This article was written by Justin McDonnell, Jane Menzies and Millie Burnett.
The US Department of Justice (DOJ) has recently published a guide to "Evaluation of Corporation Compliance Programs". It provides a timely reminder of the importance of continuous monitoring and evaluation of a corporation's compliance regime, particularly in the area of anti-bribery and corruption.
Bribery laws at home and abroad
Australia's Criminal Code (Cth) prohibits bribing foreign public officials in international business transactions. Penalties for corporations are at least $18 million and can be up to three times the value of the benefit obtained or 10% of a corporation's annual turnover. The Foreign Corrupt Practices Act 1997 (US) (FCPA) and the Bribery Act 2010 (UK) go beyond prohibiting bribery of foreign government officials. In the UK, it is an offence for a corporation not to have an effective compliance program in place to prevent bribery, while the US laws impose criminal liability on corporations that do not accurately maintain their books and records. Given that the UK and US are held out as bastions in the anti-corruption drive, much can be learned from the US approach to corporate compliance.
What are the key aspects of a best-practice corporate compliance program?
US authorities aggressively pursue criminal allegations of corruption. In a ten-day period last month, six companies settled FCPA-related charges by paying a combined total of $256.5 million to the DOJ and the US Securities and Exchange Commission. Examining a company's compliance program is a standard part of investigating corruption charges. While there is no one-size-fits-all approach to compliance, the DOJ's experience has shown that common issues arise in evaluating compliance programs regardless of the company involved. In addition to a well-designed compliance program, remedial efforts to implement, evaluate and continuously improve the program are crucial.

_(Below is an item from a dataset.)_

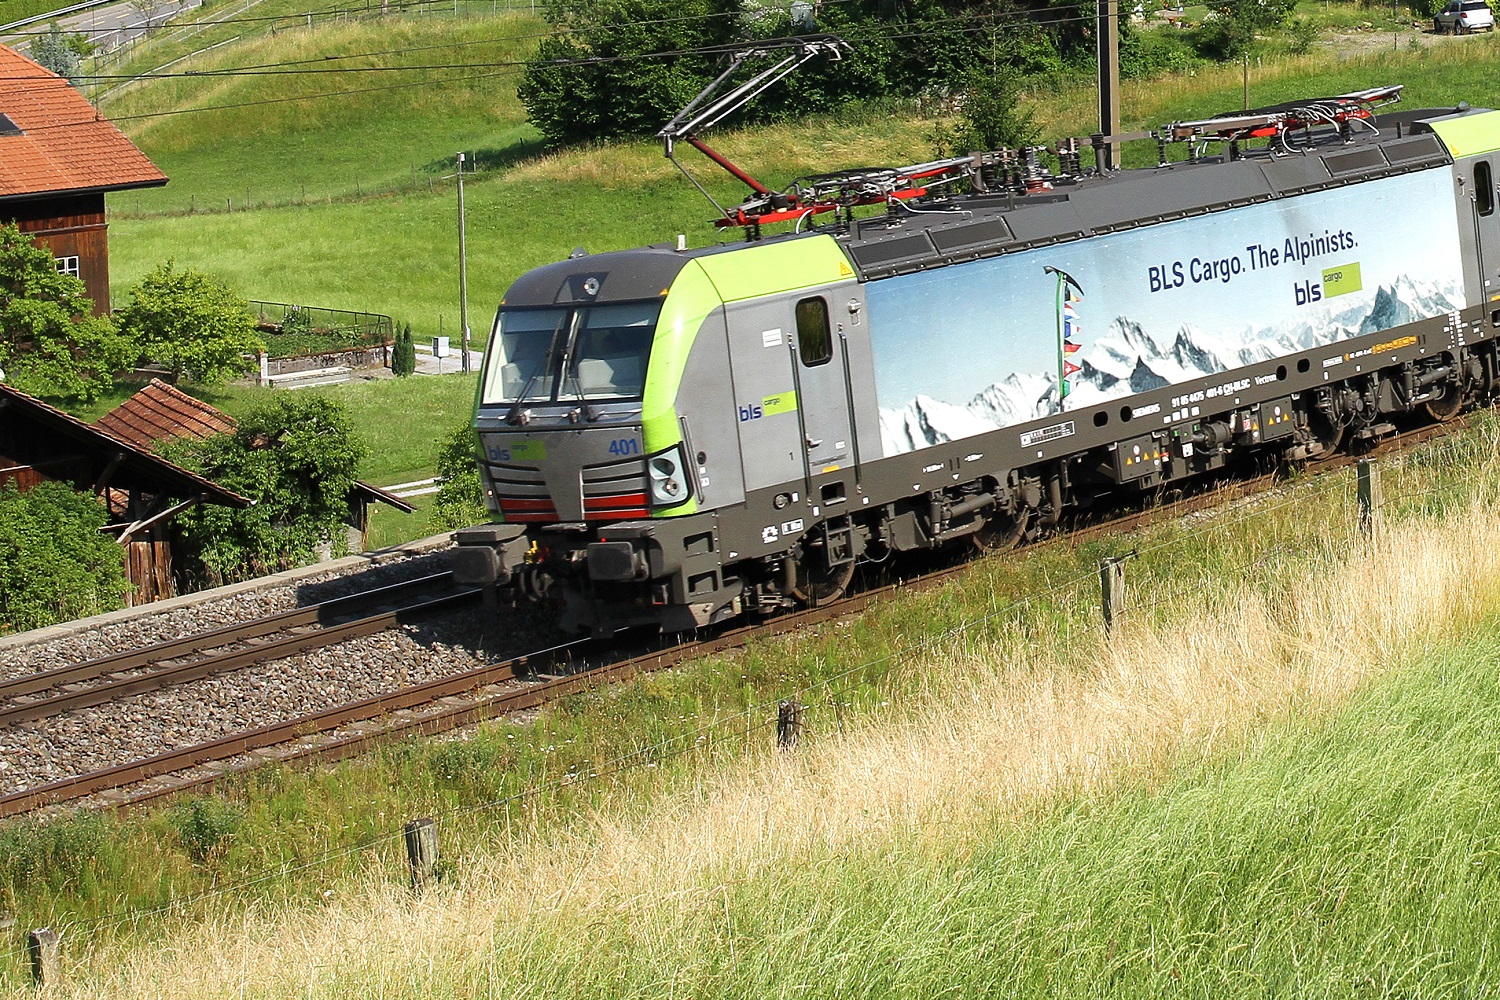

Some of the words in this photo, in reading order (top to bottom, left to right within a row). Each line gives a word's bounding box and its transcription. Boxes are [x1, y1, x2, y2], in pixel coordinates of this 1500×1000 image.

Compliance from the top down
A compliance program must apply equally to all employees. Senior and middle management must actively discourage misconduct. They must demonstrate a shared commitment to compliance with anti-bribery and corruption laws. Support must be provided to the compliance function of a company in order to meaningfully implement compliance programs. In this area, the DOJ commonly asks:
- How has senior leadership modelled proper behaviour to subordinates?
- How does the corporation monitor its senior leadership's behaviour?
- What specific actions have senior and middle management taken to demonstrate their commitment to compliance?
Procedures and risk assessments
Policies and procedures prohibiting misconduct must be designed to meet the specific requirements of each company. When designing new policies, business units should be widely consulted, particularly as they will need to implement new procedures day to day. Risk assessment is also crucial to identifying and addressing the particular risks each company faces. However, a static risk assessment is of little use; risks evolve along with the business. Comprehensive corruption risk assessments should be conducted periodically to ensure that the compliance program stays relevant and effective. In evaluating your policies and risk assessments, consider questions asked by the DOJ:
- What is your process for designing and reviewing anti-corruption policies and procedures?
- How do you identify, analyse and address risks?
- What information do you collect to detect misconduct and how does this information inform the compliance program?
- Has the risk assessment effectively addressed risks that have manifested in misconduct?
Training and communication
A good compliance program must be clearly communicated and implemented across all levels of a company. The DOJ suggests asking:
- What training has been provided to employees, particularly to anyone working in a high-risk area?
- How has senior management communicated the corporation's position on misconduct?
- What resources are available to employees to provide guidance on managing corruption risks?
Even the most carefully designed compliance program is ineffective without ongoing evaluation and revision. Anti-corruption measures need to be periodically tested to ensure they robustly respond to changing business circumstances. On this front, consider:
- Have you audited your compliance program by testing controls, analysing relevant data and interviewing employees and third parties on the ground?
- How often have you updated your risk assessments and reviewed your compliance policies and procedures?
- Have you considered whether your policies and procedures are suited to each business segment or company subsidiaries?
What do you need to know?
- In managing corruption risks in Australia and abroad, a robust compliance program must meet your particular business risks. While initial design and implementation are important, the DOJ guide to "Evaluation of Corporation Compliance Programs" emphasises continuous evaluation, assessment and improvement.
- Anti-corruption risk assessments and relevant policies and procedures must be living documents that evolve with your business.
What do you need to do?
- Review and evaluate your compliance program using the questions that the DOJ provides.
- If an evaluation of your program identifies potential vulnerabilities, appropriate measures need to be designed, implemented and monitored.